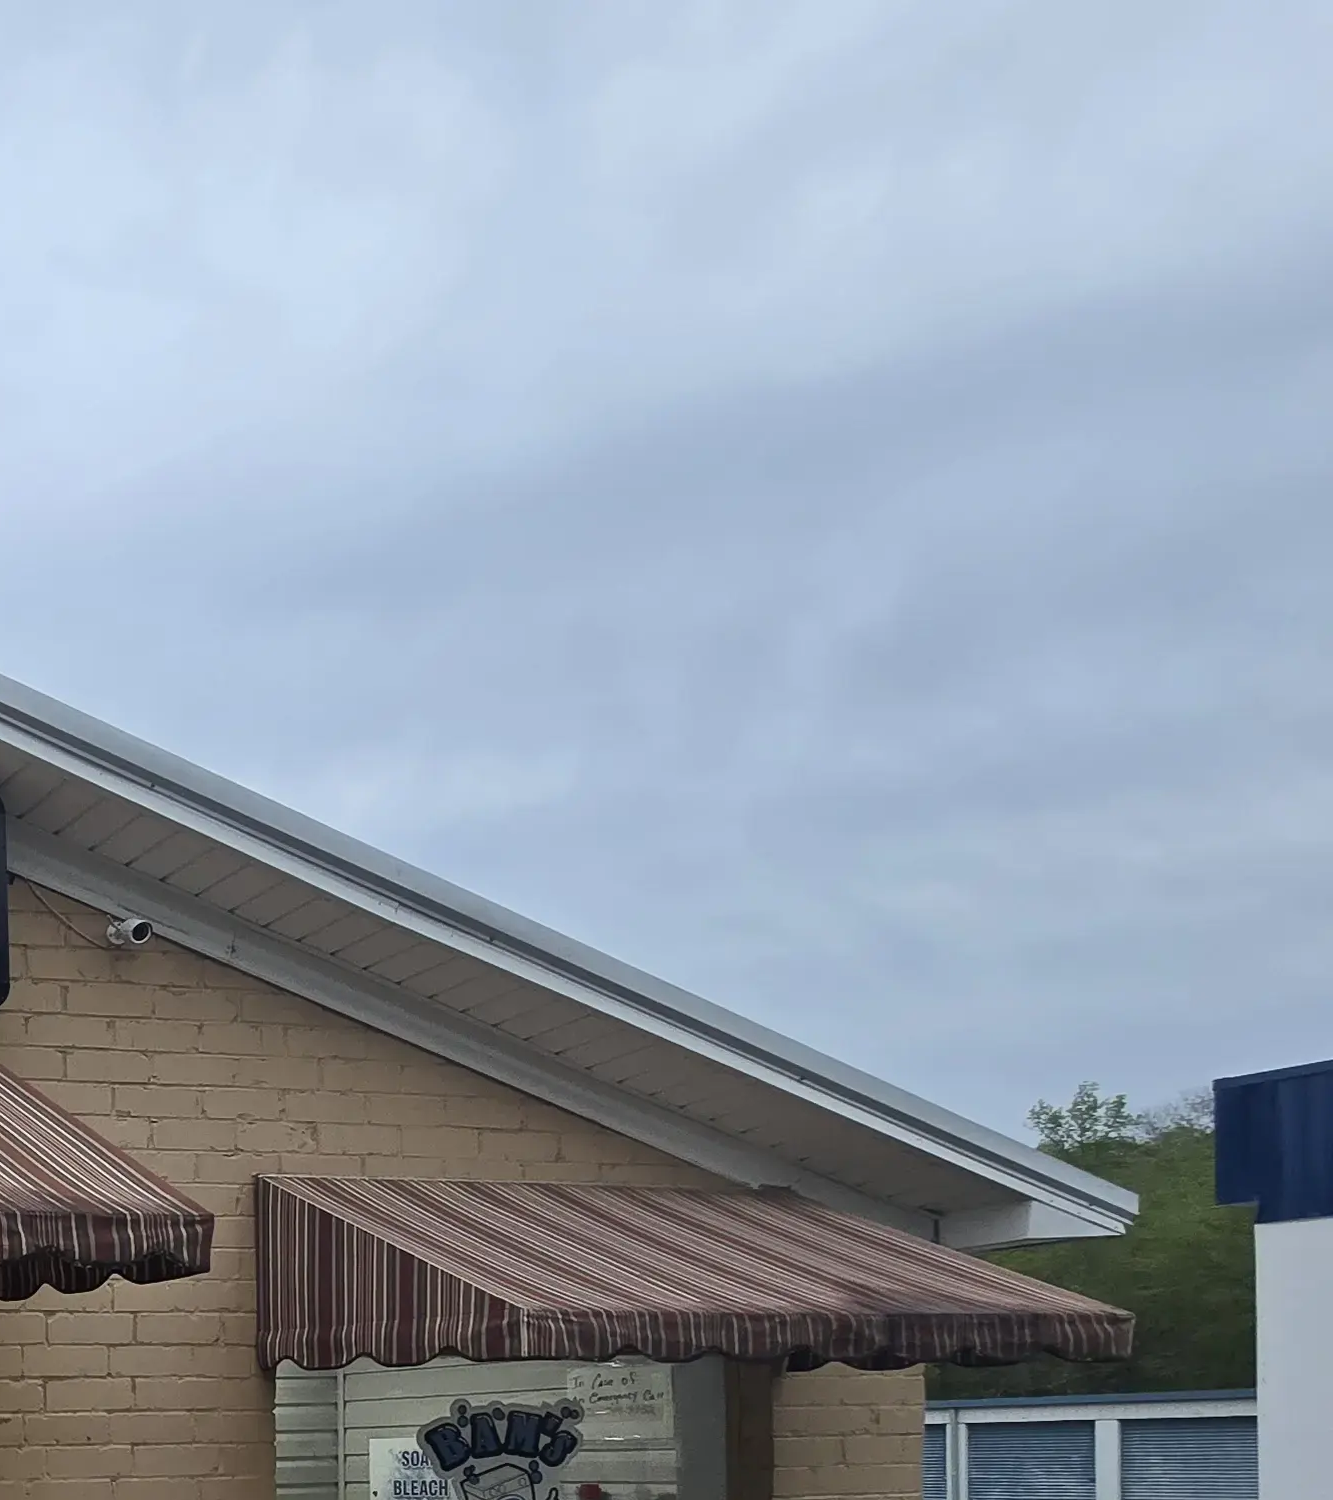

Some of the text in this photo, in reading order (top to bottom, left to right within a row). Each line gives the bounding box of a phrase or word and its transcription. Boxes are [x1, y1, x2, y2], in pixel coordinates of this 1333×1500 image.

[424, 1410, 579, 1472] BAM'S
[401, 1450, 433, 1467] SOA
[393, 1479, 449, 1497] BLEACH
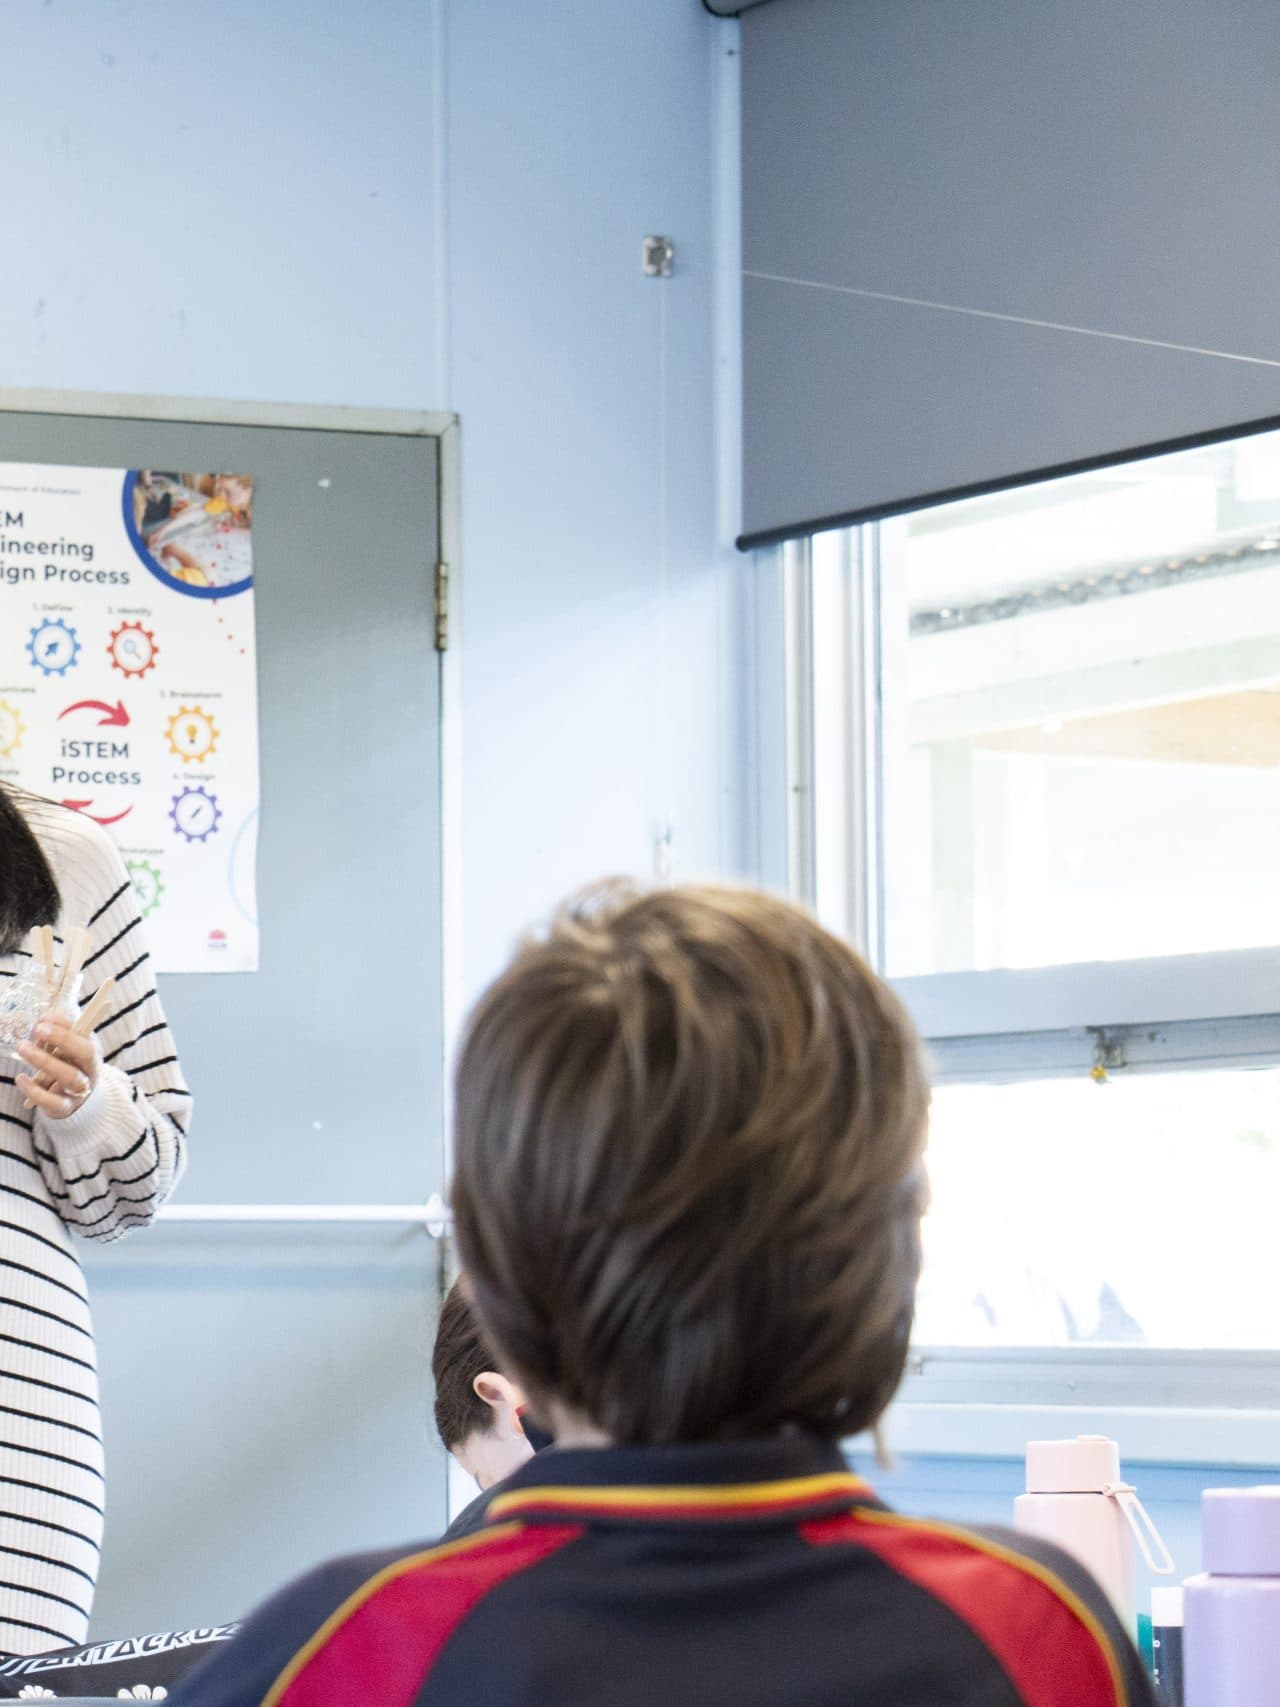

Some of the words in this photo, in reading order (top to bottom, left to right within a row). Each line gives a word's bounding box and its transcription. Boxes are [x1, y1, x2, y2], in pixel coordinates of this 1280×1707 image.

(Exercise description):
Render the data above verbatim and without pictures.

(Task answer):
Some of the text in this photo, in reading order (top to bottom, left to right within a row). Each line gives the bounding box of a phrase or word and its transcription. Boxes are [x1, y1, x2, y2], in pixel coordinates of this 1333×1500 image.

[424, 1410, 579, 1472] BAM'S
[401, 1450, 433, 1467] SOA
[393, 1479, 449, 1497] BLEACH

Some of the words in this photo, in reading order (top to bottom, left to right within a row). Each line gives a word's bounding box and its transcription. Boxes are [x1, y1, x2, y2], in pixel coordinates of this 1280×1707 image.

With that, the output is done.